Umstrittener Impfschutz gegen Grippe : Forderung an Kassen: Vierfachimpfung ermöglichen

Nach dem Vorwurf von Fachleuten, die Krankenkassen würden die Versicherten nur mit Dreifachimpfstoffen versorgen, warnen Politiker: Finanzinteressen dürfen keinen Einfluss haben.

von , und Melanie Berger
Grippeimpfungen: Sind sie ausreichend, zweckmäßig und wirtschaftlich?
Grippeimpfungen: Sind sie ausreichend, zweckmäßig und wirtschaftlich?Foto: dpa

Nach dem Vorwurf von Virologen, in Deutschland verwendete Grippeimpfstoffe seien nur bedingt wirksam, haben Politiker von SPD und Grünen die Krankenkassen kritisiert und Konsequenzen gefordert. Die gesundheitspolitische Sprecherin der SPD-Fraktion, Hilde Mattheis, nannte die Praxis der Kassen, gesetzlich Versicherte nur mit einem preisgünstigen Dreifachimpfstoff zu versorgen, nicht nachvollziehbar. „Diese Verweigerungshaltung ist unsäglich“, sagte sie dem Tagesspiegel. „Gerade jetzt bräuchten wir einen möglichst weitreichenden Impfschutz.“

Die Fraktionsexpertin der Grünen, Kordula Schulz-Asche, forderte, künftig mehr von den teureren Vierfachimpfstoffen zur Verfügung zu stellen. Sollte der Bedarf dafür steigen, sei „sicherzustellen, dass alle – egal ob gesetzlich oder privat versichert – zu den gleichen Bedingungen geimpft werden können".

Zudem müsse schnell geprüft werden, inwieweit besondere Risikogruppen wie Klinikbeschäftigte, Rettungssanitäter oder Polizisten jetzt schon „ohne zusätzliche Eigenkosten“ routinemäßig mit diesem Vierfachimpfstoff geimpft werden könnten.

Zuvor hatten Impfexperten den  Kassen vorgeworfen, ihren Mitgliedern aus Kostengründen einen optimalen Grippeschutz vorzuenthalten. Zur Verwendung kämen fast ausschließlich preisgünstige Dreifachimpfstoffe, die neben zwei Virus-A-Varianten nur eine B-Variante abdecken. Da bei den B-Viren immer öfter zwei Varianten kursierten, nähmen die Kassen eine geringere Wirksamkeit in Kauf.

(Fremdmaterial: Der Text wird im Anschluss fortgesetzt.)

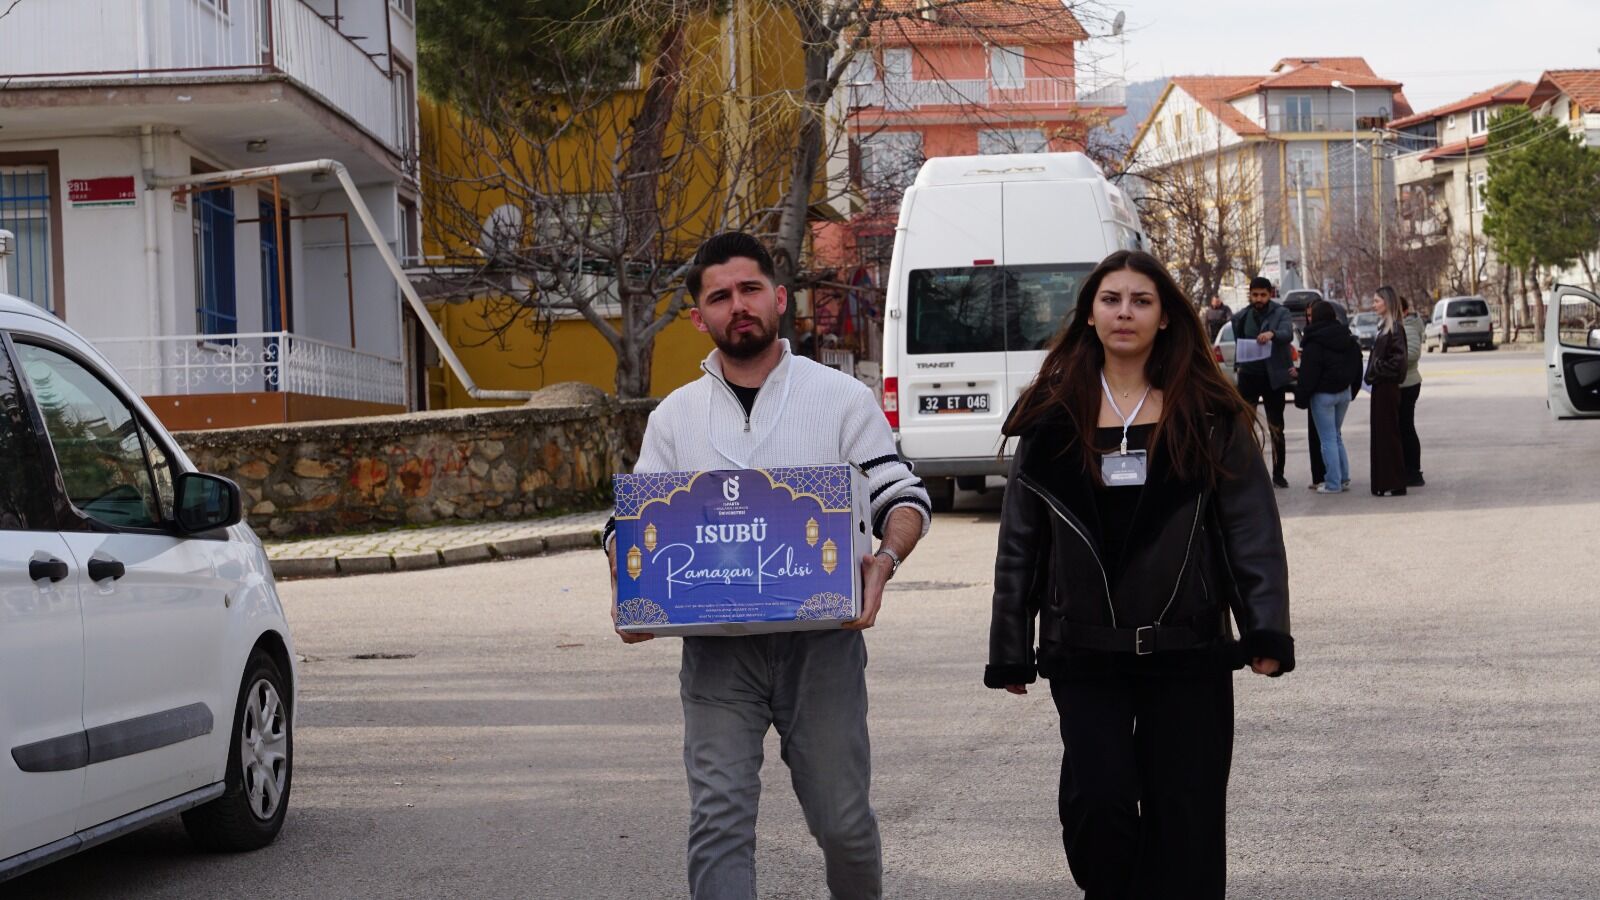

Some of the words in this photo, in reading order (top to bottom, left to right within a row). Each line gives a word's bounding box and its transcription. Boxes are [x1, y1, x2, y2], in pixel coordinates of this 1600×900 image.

[917, 361, 955, 369] TRANSIT
[925, 397, 939, 410] 32
[947, 396, 961, 409] ET
[967, 395, 987, 409] 046
[695, 517, 768, 544] ISUBÜ
[651, 543, 754, 599] Ramazan
[758, 543, 813, 594] Kolisi

Vierfachimpfstoffe, die noch gegen weitere B-Viren schützen, seien bei keiner Ausschreibung gewählt worden, bestätigte der Verband forschender Arzneihersteller. Sie würden „demnach auch von den gesetzlichen Krankenkassen in Deutschland nicht erstattet“. Nur Privatversicherer übernähmen die höheren Kosten.

Weil hierzulande für die kommende Saison nur Dreifachimpfstoffe bestellt worden seien, liefere man den in Dresden hergestellten Vierfachimpfstoff „vor allem ins Ausland“, sagte eine Sprecherin des Pharmakonzerns GlaxoSmithKline – und machte deutlich, dass ihr Konzern das für einen Fehler hält. In einer „normalen“ Grippesaison könnten mit dem Vierfachimpfstoff etwa 400 000 Infektionen verhindert werden, betonte sie unter Berufung auf eine Simulation von Tübinger Wissenschaftlern (wir berichteten).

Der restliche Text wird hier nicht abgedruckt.